I’d repeat some of the more comedic ones here, if only I could see them again on the Guardian website… and if Firefox didn’t die every time I pay attention to its “unencrypted- information- being-sent” warning about the Guardian website and refuse to send whatever is harvested every time I open a page. I’ve looked at the Guardian’s privacy policy and it doesn’t say its cookies will dial home every time you look at a page.

Swedish surveillance

Last bastion of progressive liberal democracy, Sweden? Sorry, no.

Not to be outdone by the UK and Germany, the Swedes are also now jumping on the “get as many repressive powers as you like, cos the TWAT justifies everything” Euro- bandwagon. According to the Register the Swedish parliament has just passed a law that will allow bugging of all comms.

Sweden ushers in bugging for all

(one commenter on the Register mistook the fourth word in this headline for a longer, although possibly apt word.)

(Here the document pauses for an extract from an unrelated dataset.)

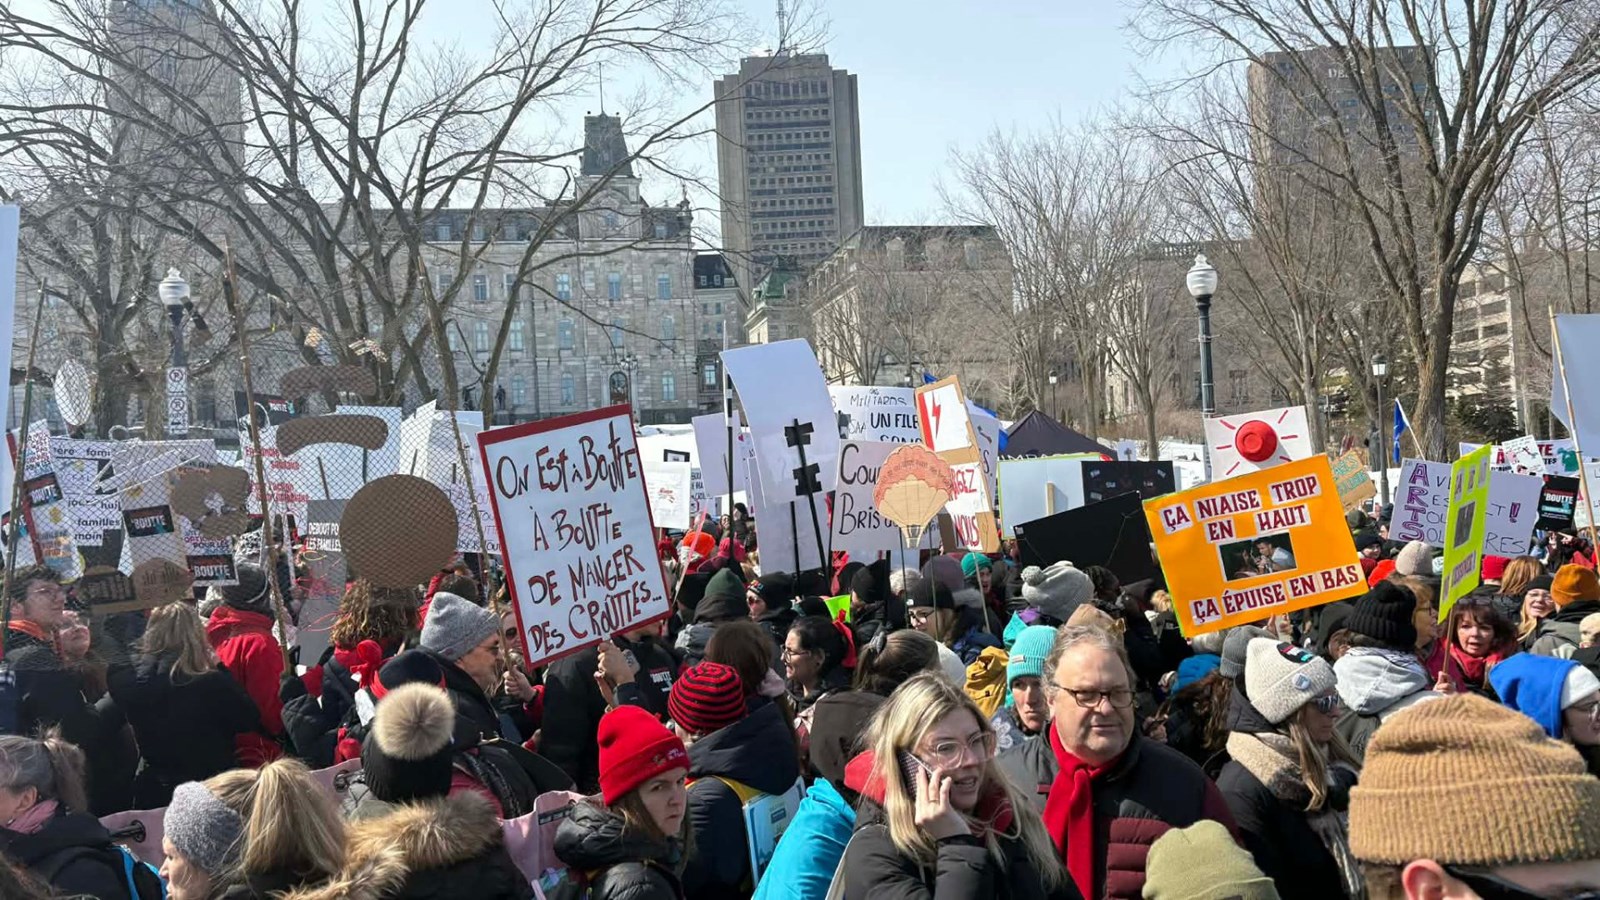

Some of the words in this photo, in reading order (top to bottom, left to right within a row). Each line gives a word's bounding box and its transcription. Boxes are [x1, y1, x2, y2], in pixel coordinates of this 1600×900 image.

This story might give you an uncanny sense case of deja vu, if you live in the UK (or pretty well anywhere else )

Under the new law, all communication across Swedish borders will be tapped, and information can also be traded with international security agencies, such as America’s National Security Agency…..Key members of parliament who were likely to vote against the proposition were put under pressure by their parties, according to some reports.

The Register had earlier reported that Parliament had defeated the law. Hiowever, the government got the vote by making a few concessions. It’s setting up an agency to monitor the granting of permissions, though , so these powers will never be misused then…. (*sarcasm*)

Despite receiving copies of George Orwell’s book 1984 from protesters earlier this week, MPs from Sweden’s ruling party believe the law does not constitute the final nail in the coffin of democracy.

Well, duh, 1984 is starting to become a blueprint.

An external group comprising members appointed by the government will monitor privacy and integrity issues

Oh, so impartial oversight is in place then. My bad. (*more pathetic sarcasm*)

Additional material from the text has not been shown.